The liver is a very metabolically active organ and is central to fat metabolism in the body. Excess fat that accumulates in the liver gives rise to the spectrum of conditions known as non-alcoholic fatty liver disease (NAFLD), increasing the risk of developing cardiovascular disease and diabetes. NAFLD may remain undetected for many years but can progress to serious liver disease and failure, so researchers are keen to understand the underlying mechanisms and test new strategies to treat the disease.
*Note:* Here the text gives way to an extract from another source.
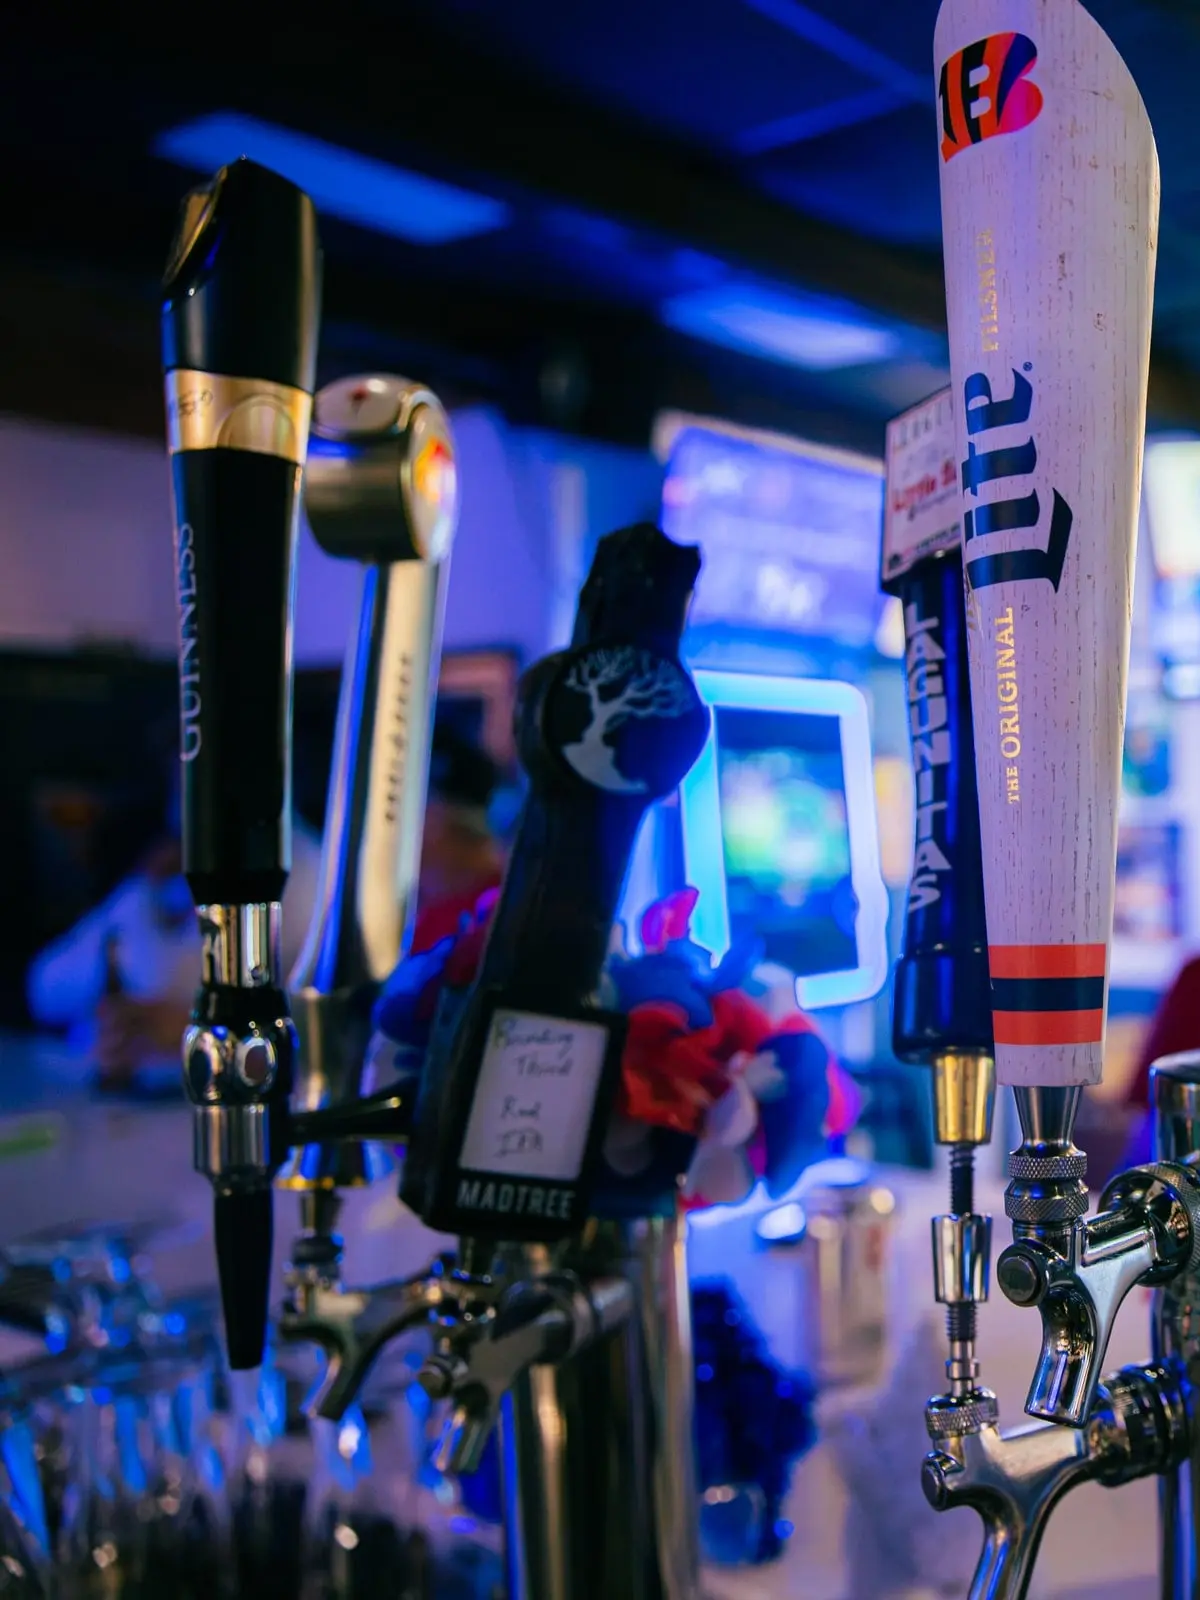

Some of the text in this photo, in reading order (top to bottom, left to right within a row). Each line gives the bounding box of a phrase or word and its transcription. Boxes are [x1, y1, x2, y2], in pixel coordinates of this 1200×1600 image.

In Oxford, research includes studies to find better ways of detecting liver disease using novel biomarkers, understand the relationship between NAFLD and diabetes, and investigate the impact of bariatric surgery - used to treat people who are very obese - on NAFLD. Stable isotope tracing and genetic manipulation in primary human liver cells and cells lines is used to probe the pathways involved in liver metabolism. Isotope tracing studies and liver imaging carried out using MRI techniques at the OCMR are used to study liver metabolism in clinical studies, for example, to understand the effects of diet or pharmacological agents such as steroid hormones. 
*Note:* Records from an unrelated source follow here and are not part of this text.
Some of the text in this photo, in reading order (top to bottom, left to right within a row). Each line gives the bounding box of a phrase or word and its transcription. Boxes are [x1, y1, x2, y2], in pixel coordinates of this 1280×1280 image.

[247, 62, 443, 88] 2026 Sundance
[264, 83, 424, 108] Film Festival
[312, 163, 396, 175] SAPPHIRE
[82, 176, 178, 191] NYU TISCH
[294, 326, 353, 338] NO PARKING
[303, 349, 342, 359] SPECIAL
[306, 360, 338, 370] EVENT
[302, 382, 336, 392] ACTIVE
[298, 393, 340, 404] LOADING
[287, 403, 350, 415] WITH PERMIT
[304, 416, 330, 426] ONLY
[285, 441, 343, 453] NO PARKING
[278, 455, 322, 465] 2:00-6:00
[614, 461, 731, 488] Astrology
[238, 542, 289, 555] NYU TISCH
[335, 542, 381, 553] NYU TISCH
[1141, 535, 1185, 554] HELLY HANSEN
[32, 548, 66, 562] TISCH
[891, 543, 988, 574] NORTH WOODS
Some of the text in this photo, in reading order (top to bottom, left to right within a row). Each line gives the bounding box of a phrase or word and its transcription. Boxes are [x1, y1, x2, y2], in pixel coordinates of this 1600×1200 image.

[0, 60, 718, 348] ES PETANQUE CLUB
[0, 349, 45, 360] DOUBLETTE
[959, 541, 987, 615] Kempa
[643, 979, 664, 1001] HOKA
The liver is a circadian organ and carries out diverse functions in different phases of the circadian clock. Researchers are interested in how systems controlling energy metabolism and inflammation, in particular the glucocorticoid signalling network, are connected to circadian timing machinery in the liver and elsewhere.

The Diabetes and Metabolism theme within the Oxford NIHR Biomedical Research Centre supports clinical research in many of these areas.